L’Azerbajgian ha trasformato il suo checkpoint installato illegalmente sul Corridoio di Lachin in una roccaforte militare, bloccando anche gli aiuti umanitarie alla Repubblica di Artsakh/Nagorno-Karabakh.

L’installazione della barriera con blocchi di cemento sul ponte Hakari.

L’Azerbajgian non solo ha illegalmente installato un posto di blocco e ostruito la strada utilizzando veicoli blindati, ma sta anche impedendo attivamente qualsiasi movimento con i blocchi di cemento, compreso quello dei veicoli del Comitato Internazionale della Croce Rossa e delle forze di mantenimento della pace russe. Questo incidente serve come l’ennesima dimostrazione delle intenzioni criminali delle autorità azere, di isolare completamente la popolazione dell’Artsakh dal resto del mondo e impegnare tutti i mezzi di repressione possibili.

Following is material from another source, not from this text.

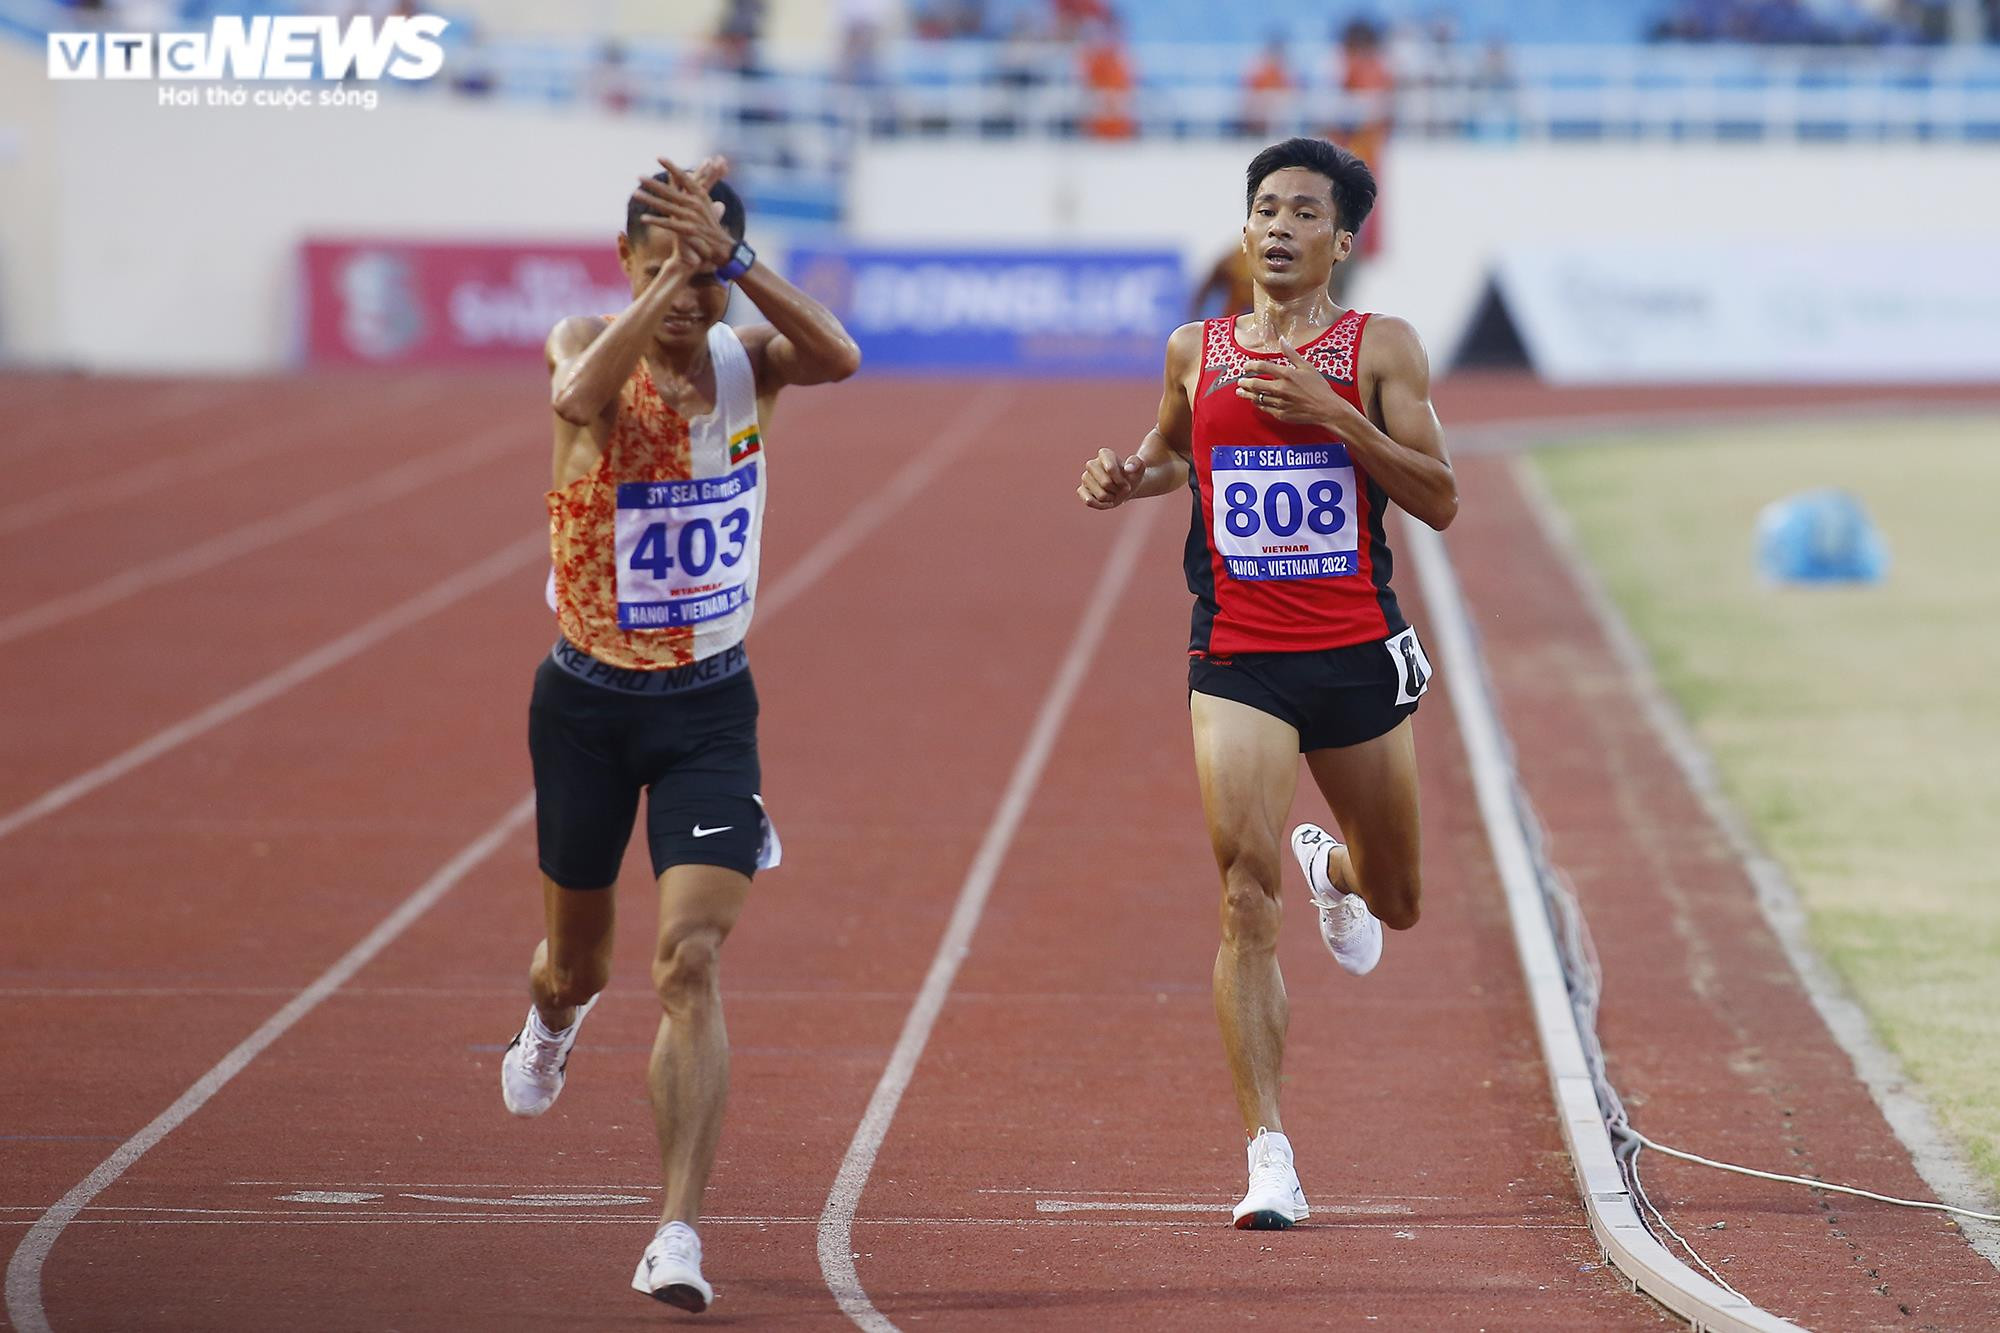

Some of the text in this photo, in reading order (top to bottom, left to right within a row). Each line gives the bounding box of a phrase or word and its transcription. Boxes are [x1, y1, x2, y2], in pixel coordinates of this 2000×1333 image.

La barriera con blocchi di cemento sul ponte Hakari.

Poco prima di un prossimo ciclo di colloqui di pace, in un’intervista con Reuters, Jeyhun Bayramov, Ministro degli Esteri dell’Azerbajgian, ha rifiutato la richiesta dell’Armenia di offrire speciali garanzie di sicurezza per i 120.000 Armeni che vivono nell’Artsakh/Nagorno-Karabakh. Bayramov ha sottolineato che «tali garanzie non sono necessarie e questa richiesta rappresenta un’interferenza negli affari interni dell’Azerbajgian».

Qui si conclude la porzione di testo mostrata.